Quando a banda soube da esclerose múltipla de Clive, eles interferiram e ajudaram-no da melhor maneira que eles podiam – tocando por ele. A ajuda deles transformou sua vida.
“Eles me deram um carro...” Ele pausa. “Meeeeeeemes, que carro é aquele mesmo?” ele grita. “Nós os chamamos de Clivemóvel. É um Volkswagen Caddy com vidro fumê. É como um carro de gângster americano. Eles organizaram shows para angariar dinheiro, não só pra mim, mas pra outras pessoas com EM. Eles colocaram um elevador nas escadas de nossa casa. Algumas vezes eu subo as escadas olhando pros discos de ouro e platina na parede, ha ha ha”.

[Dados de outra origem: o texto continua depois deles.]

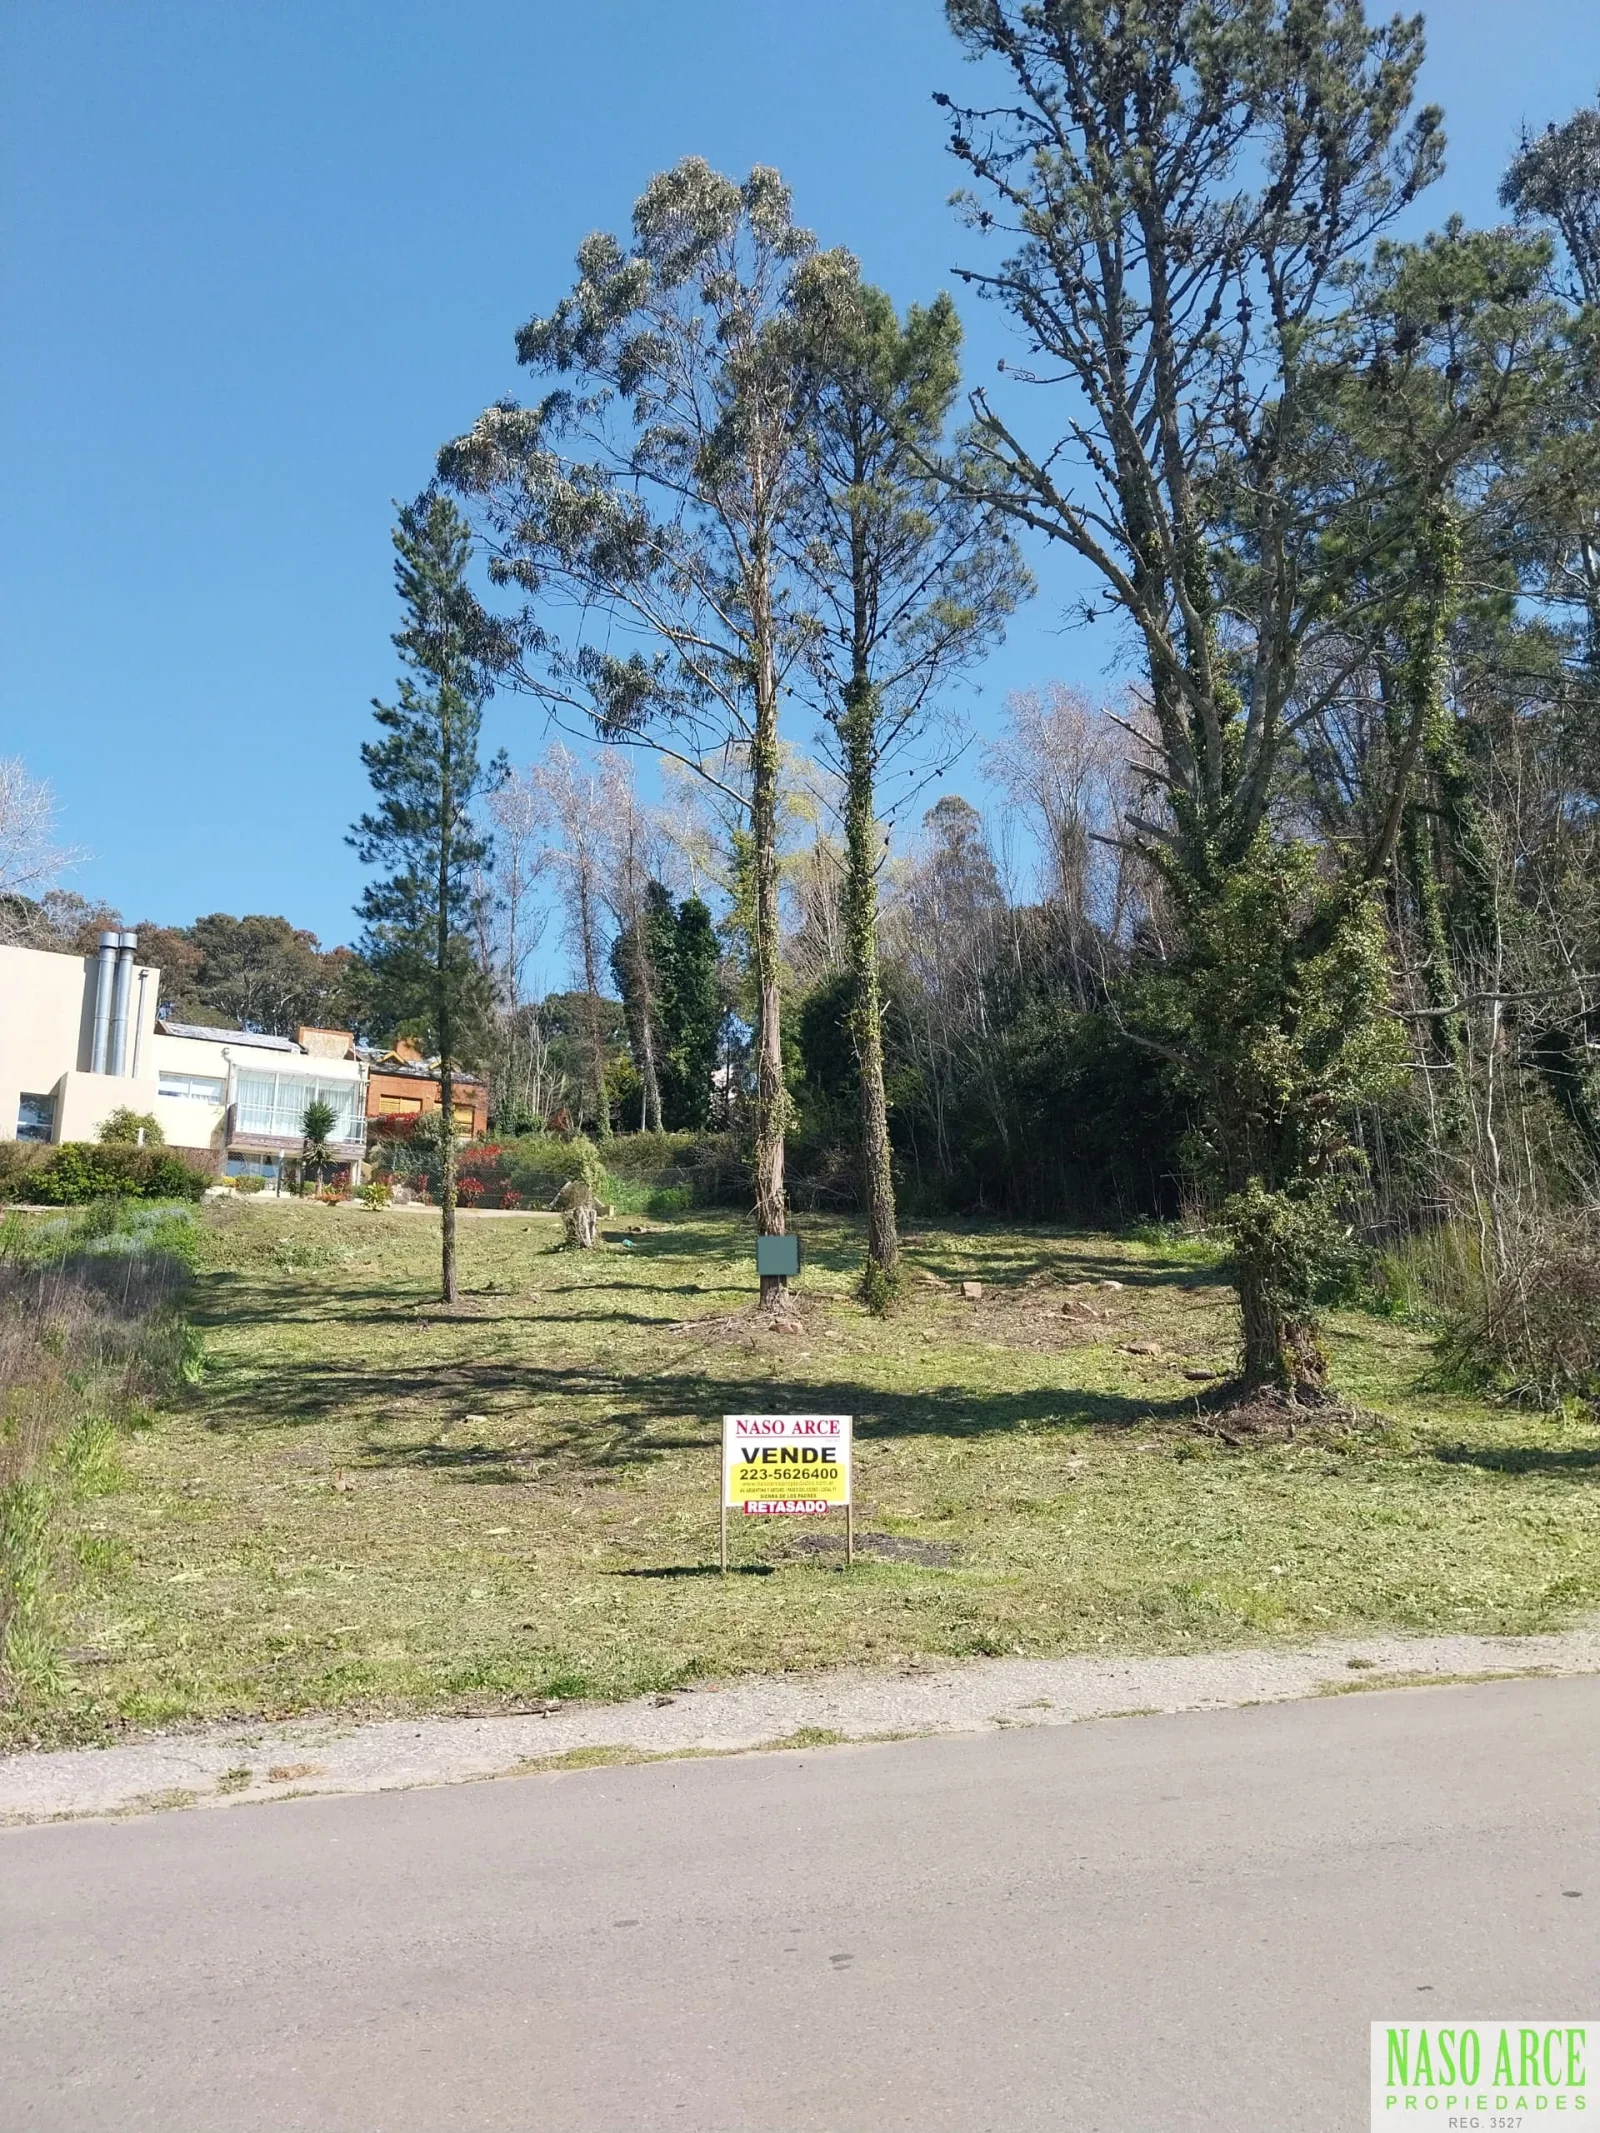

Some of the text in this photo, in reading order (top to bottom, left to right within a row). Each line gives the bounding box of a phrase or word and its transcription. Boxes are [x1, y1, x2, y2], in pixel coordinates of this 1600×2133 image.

[736, 1420, 840, 1434] NASO ARCE
[741, 1447, 837, 1464] VENDE
[740, 1468, 838, 1480] 223-5626400
[748, 1501, 826, 1513] RETASADO
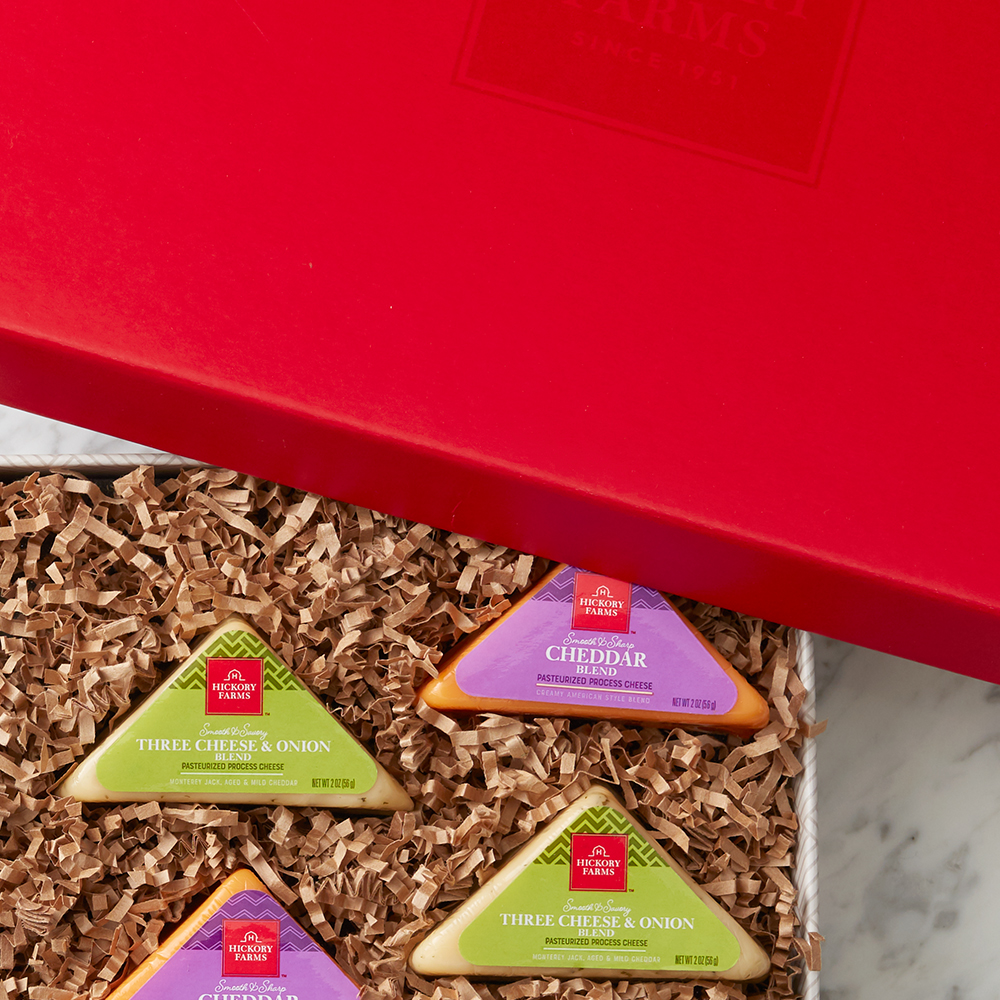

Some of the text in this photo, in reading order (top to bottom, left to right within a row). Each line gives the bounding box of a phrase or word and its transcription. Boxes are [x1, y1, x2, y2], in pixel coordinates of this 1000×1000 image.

[570, 31, 739, 90] SINCE 1951
[580, 598, 625, 609] HICKORY
[585, 607, 618, 616] FARMS
[563, 632, 635, 652] Smooth Sharp
[546, 645, 648, 668] CHEDDAR
[576, 665, 617, 676] BLEND
[212, 682, 257, 691] HICKORY
[537, 674, 653, 690] PASTEURIZED PROCESS CHEESE
[218, 691, 251, 700] FARMS
[567, 691, 602, 700] AMERICAN
[605, 694, 626, 702] STYLE
[628, 696, 650, 704] BLEND
[199, 723, 268, 740] Smooth Savory
[136, 739, 331, 752] THREE CHEESE & ONION
[215, 753, 252, 761] BLEND
[576, 859, 621, 868] HICKORY
[583, 867, 615, 876] FARMS
[563, 898, 631, 917] Smooth Savory
[500, 913, 695, 930] THREE CHEESE & ONION
[578, 929, 615, 938] BLEND
[545, 937, 648, 947] PASTEURIZED PROCESS CHEESE
[229, 944, 273, 953] HICKORY
[235, 953, 267, 961] FARMS
[675, 955, 684, 964] NET
[685, 956, 693, 964] WT
[694, 956, 697, 965] 2
[698, 956, 705, 965] OZ
[215, 979, 286, 995] Smooth Sharp
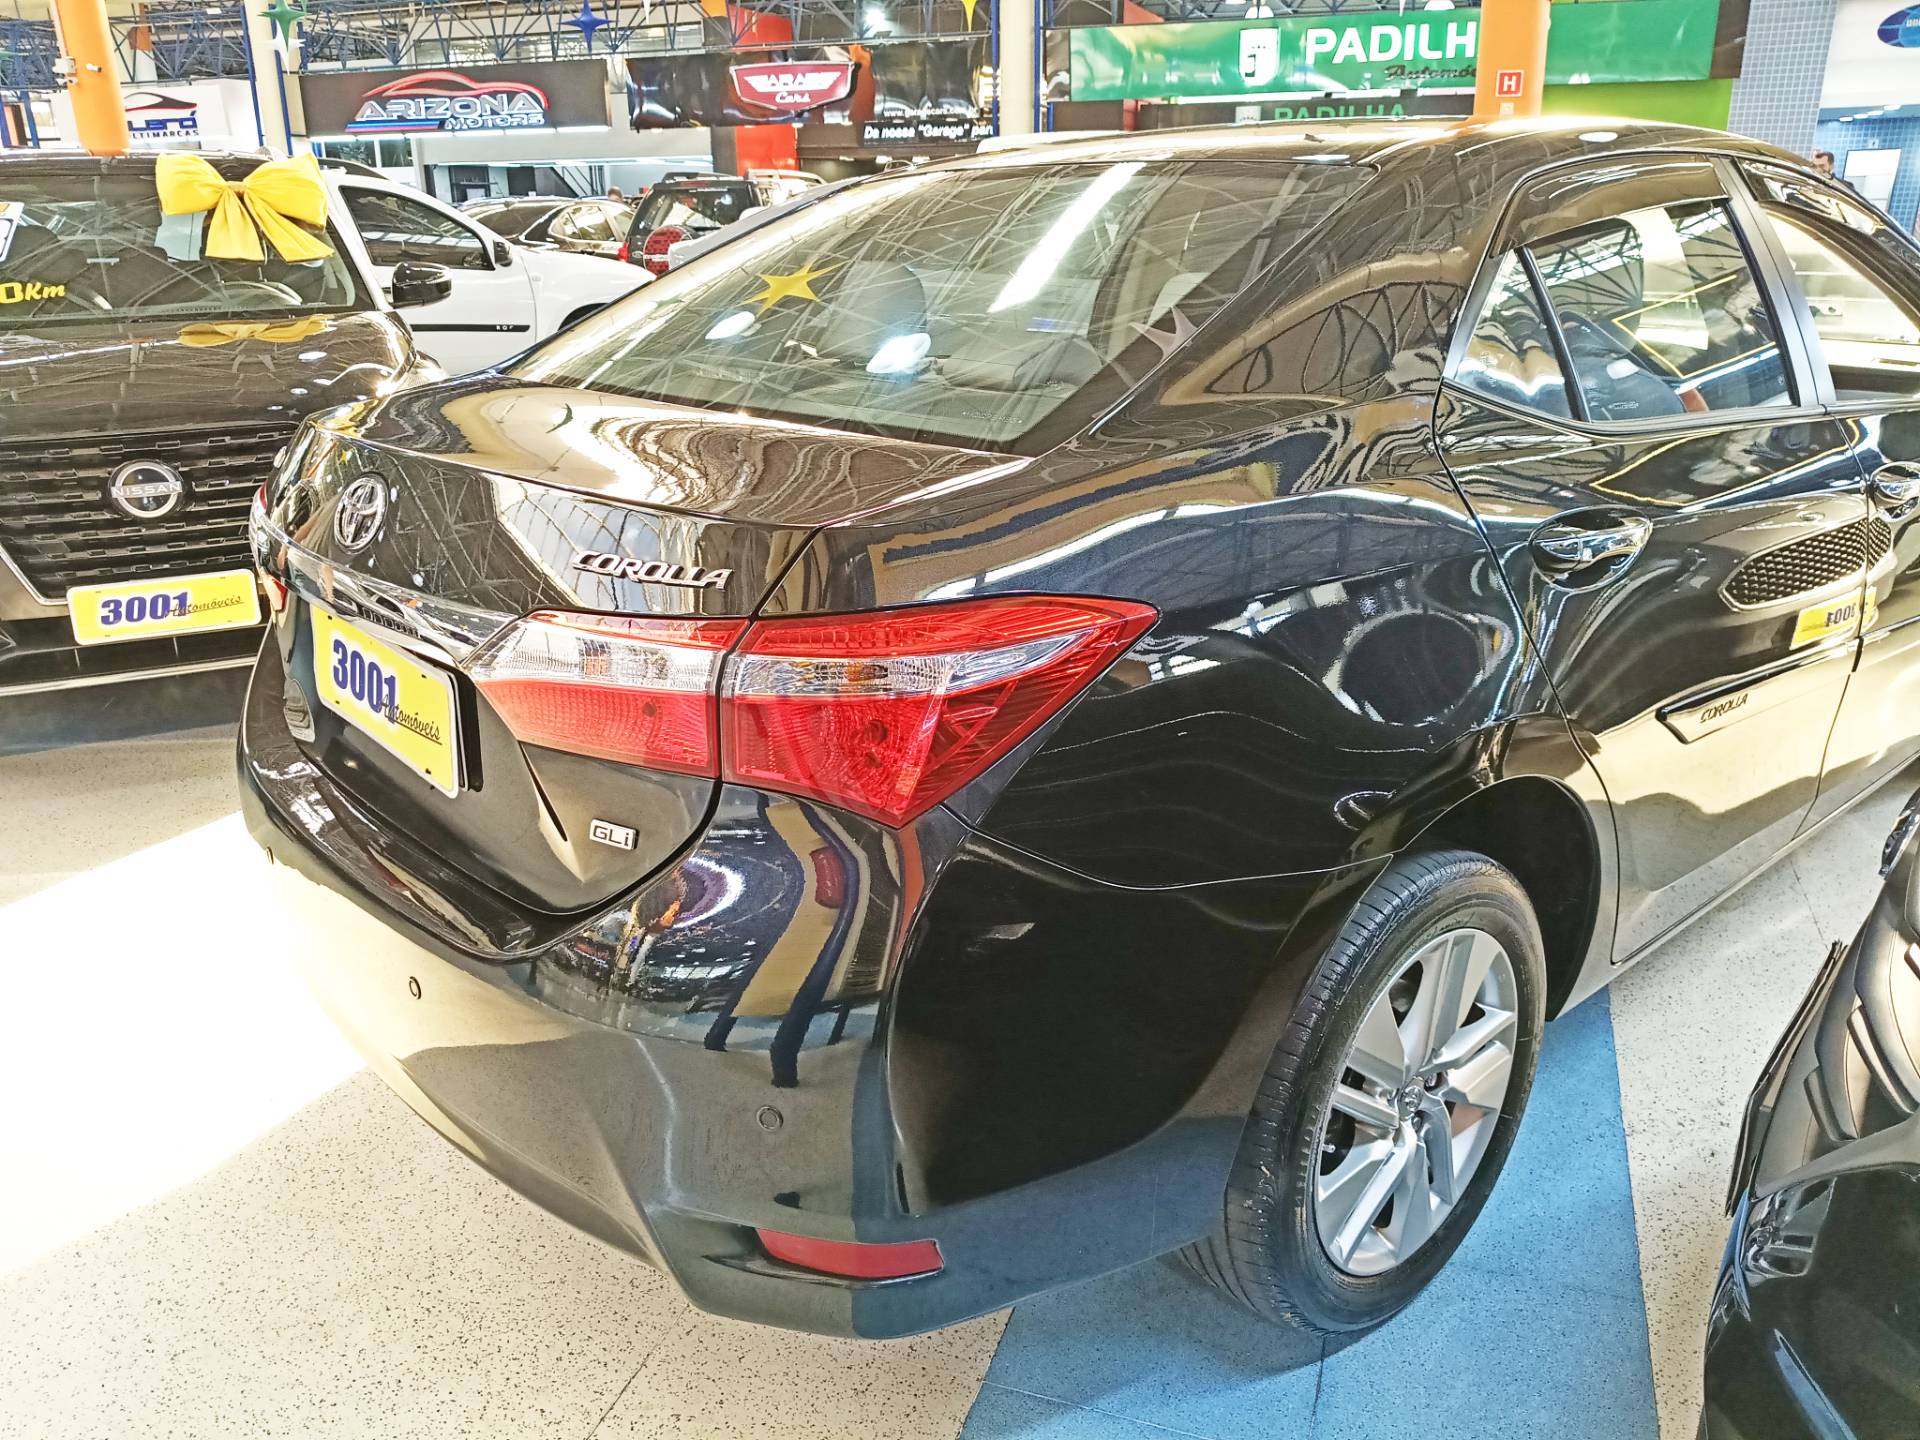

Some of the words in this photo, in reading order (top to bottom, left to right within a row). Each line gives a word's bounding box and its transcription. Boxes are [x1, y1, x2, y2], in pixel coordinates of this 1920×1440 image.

[1305, 21, 1477, 64] PADILH
[1384, 64, 1477, 80] Automó
[1503, 75, 1517, 91] H
[354, 91, 545, 121] ARIZONA
[132, 129, 199, 140] LTIMARCAS
[443, 113, 545, 130] MOTORS
[111, 481, 182, 497] NISSAN
[572, 550, 734, 591] COROLLA
[100, 591, 189, 626] 3001
[333, 638, 396, 724] 3001
[1700, 693, 1748, 723] COROLLA
[593, 824, 630, 847] GLi

Melhor do que isso, e o que ele mais aprecia em tudo, Mimi diz que quando Clive está sumido, eles se lembram dele. “Eles dizem que se você precisar de qualquer coisa, apenas ligue, telefone,” ela diz. “Toda vez que eles tocam em Londres, Clive sabe que tudo que ele tem a fazer é pegar o fone e ele tem os dois melhores ingressos do lugar. Pode não parecer muito, mas pra Clive, é. No fim das contas, pra ele, é como seus feitos – quem ele é e o que ele fez – estão sendo reconhecidos.